Sunday, May 06, 2007

Academics Against Evangelicals

Robin Hanson quoted in full:

Yesterday's Washington Post reported on a new survey on attitudes of professors toward religion:

The other survey ... found ... an "explosive" statistic:  53 percent of its sample of 1,200 college and university faculty members said they have "unfavorable" feelings toward evangelical Christians.

This compares to 22% unfavorable for Muslims, 9% for non-evangelical Christians, and 3% for Jews.   Evangelical Christians make up 11% of faculty but 33% of the public.
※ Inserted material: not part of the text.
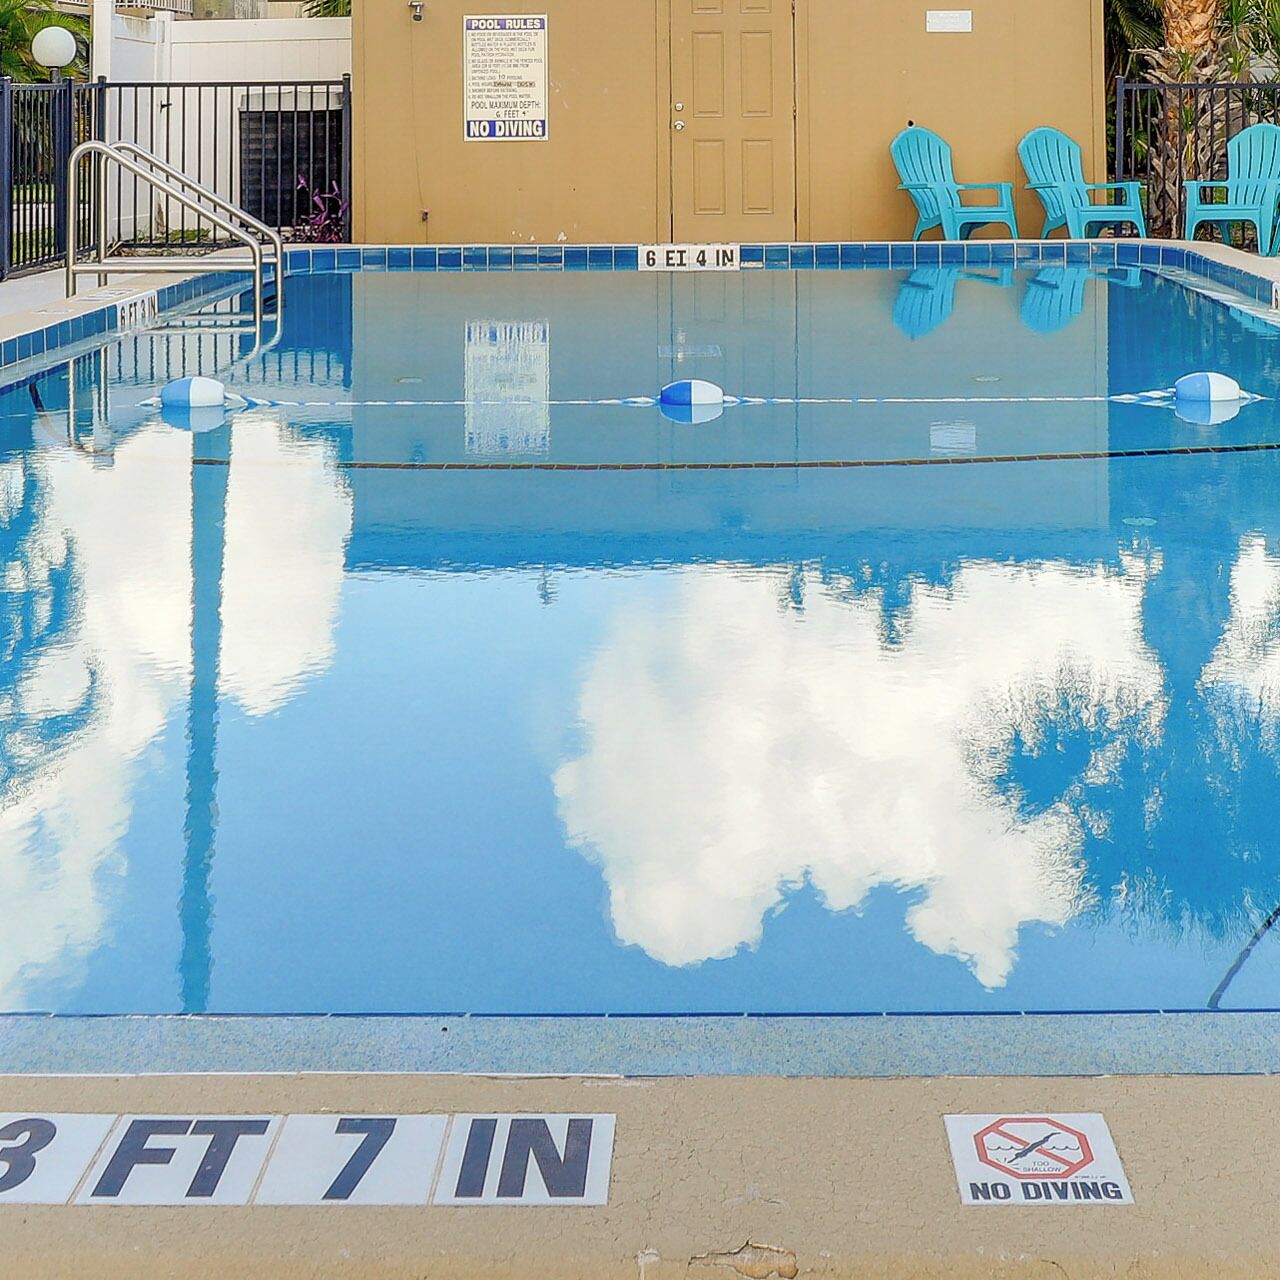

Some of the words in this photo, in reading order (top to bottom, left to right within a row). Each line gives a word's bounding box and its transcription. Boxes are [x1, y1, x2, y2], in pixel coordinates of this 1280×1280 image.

From the survey:   

Only 16% of faculty said they are Republicans, ... In the public, 28% identified as Republican.  ... Seventy-four percent of Republicans answered that they have a personal relationship with God ... Only 36% of Democratic faculty said they have a personal relationship with God. ... Faculty who identify as atheist/no Religion were the most likely to agree that international trade agreements have favored large corporations. ... A large majority [74%] of faculty believes that this country would be better off if Christian fundamentalists kept their religious beliefs out of politics.

This seems to confirm my post of last November where I mentioned:

This 2005 BE Press Forum paper suggests that [professor} discrimination against conservatives, women, and religious folks is at least part of the explanation [of the high academic Democrat/Republican ratio]. 

I'm honestly surprised that the statistic is so high.  I think I must have a bias from hanging out around GMU's rather unique econ department that I don't get exposed very often to academics with biases this strong against conservatives and evangelicals.  I knew there was considerable negative feelings, but I'm surprised to seem them as high as 53%.